Some new goo for the loo (Day 151)…

July 29, 2007

toilet bowl cleaner

Not to get too graphic, but this whole let-it-mellow thing doesn’t exactly make for a pristine toilet bowl. So it wasn’t long before I finished up the last of my toxic, abrasive cleaner and had to go find a less cancer-causing alternative. I immediately turned to my new favourite eco-brand, Ecover, which makes a natural product that comes in one of those strategically angled bottles — and I’ll of course refill it if I can find toilet bowl cleaner in bulk. It smells of pine, which I’m not so into, and required slightly more scrubbing, but overall, I’m satisfied.

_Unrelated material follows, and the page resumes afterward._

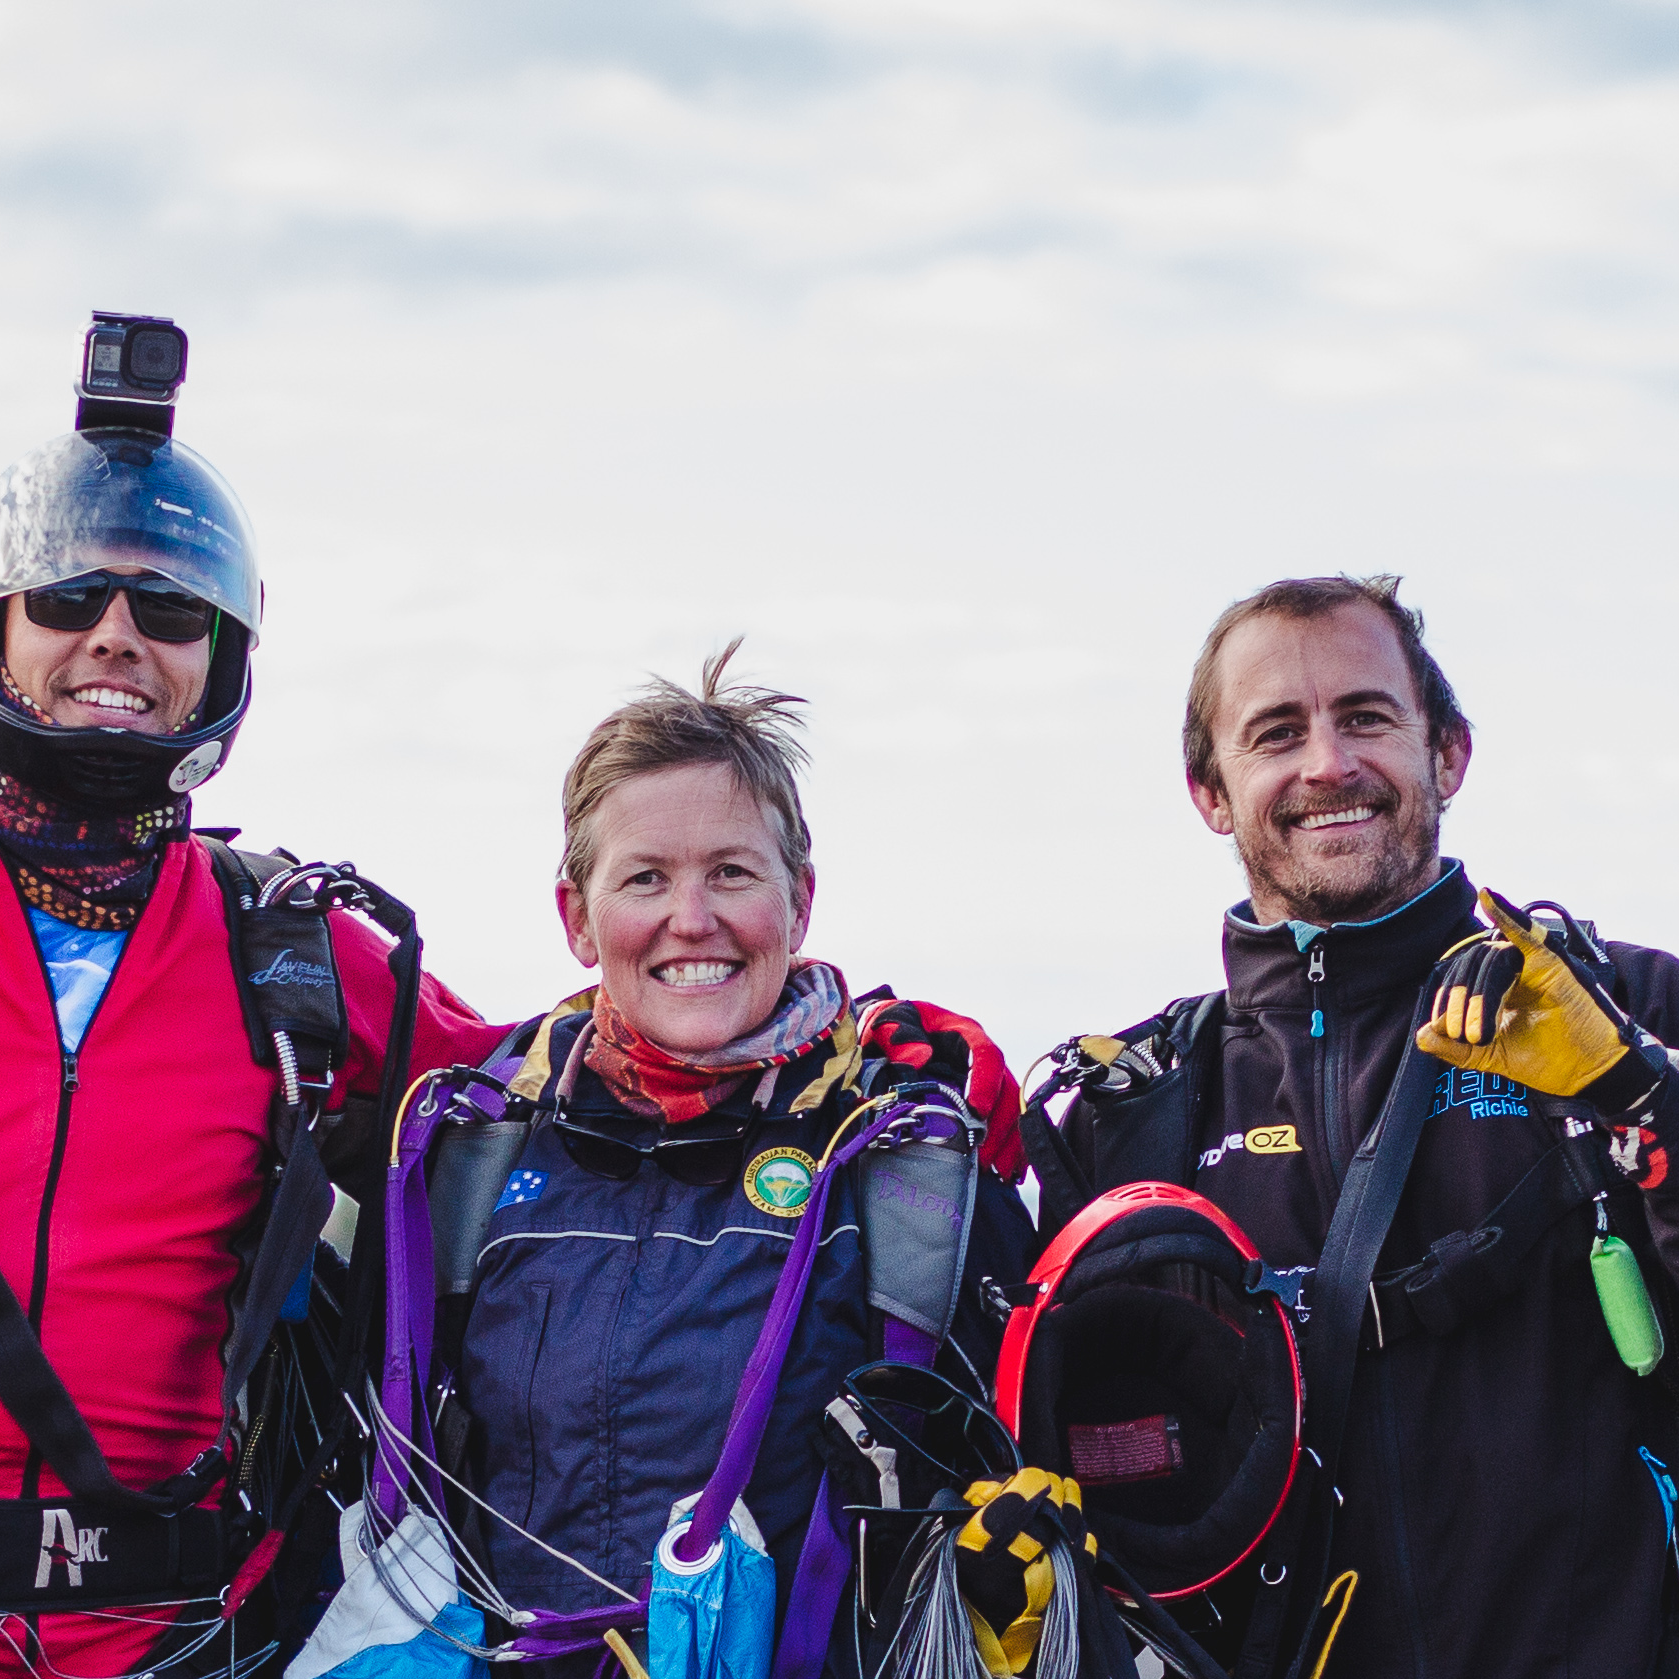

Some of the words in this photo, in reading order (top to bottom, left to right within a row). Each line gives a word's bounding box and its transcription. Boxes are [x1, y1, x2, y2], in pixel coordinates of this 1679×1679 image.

[1470, 1099, 1529, 1120] Richie
[745, 1148, 788, 1184] AUSTRALIAN
[750, 1193, 775, 1214] TEAM

The pick of the litter liners (Day 150)…

July 28, 2007

I spent forever trying to find eco-friendly cat litter tray liners, perhaps ones made from corn that would eventually break down in my new compost bin (seeing as I’m already using a corn-based product in there), and came up totally empty-handed.

But because I’m desperate, I’m still going to lay claim to at least choosing what I think is the greenest option when it comes to this product.

Of all the brands on the shelf, I looked at the packaging involved, the quantity of liners per box and where they were manufactured, and eventually decided on Van Ness (OK, I may have also chosen it based on the similarity to my name).

They are made of plastic, but they’re simple (I didn’t choose the draw-string one) and come in a recyclable cardboard box, and that’s good enough for now. Next time, however, I may just choose to go without a liner altogether, because I truly don’t think anything could possibly be a bigger waste of time than shopping for cat litter tray liners.


Getting my hands dirty (Day 149)…

July 27, 2007

treehands

I can sign all the petitions in the world, write letters to China every day and cover my bicycle in activist stickers, but I can’t really call myself a tree-hugger until I’ve literally hugged a tree — or at least planted one.

So I’m going to get my hands dirty and start volunteering with an organization like Evergreen, which specializes in community gardening initiatives and urban tree-planting. I’ve fired off an email to my local representative and hopefully will be digging up holes in the Don Valley and filling them with baby seedlings as soon as possible.

There are also groups like LEAF and Plant a Row/Grow a Row — I found out about this through a woman I Freecycled with — as well as the Toronto Environmental Volunteers, which I’ve applied to join too, so we’ll see what happens. Maybe by the end of this challenge my thumbs will finally have started to turn a little green.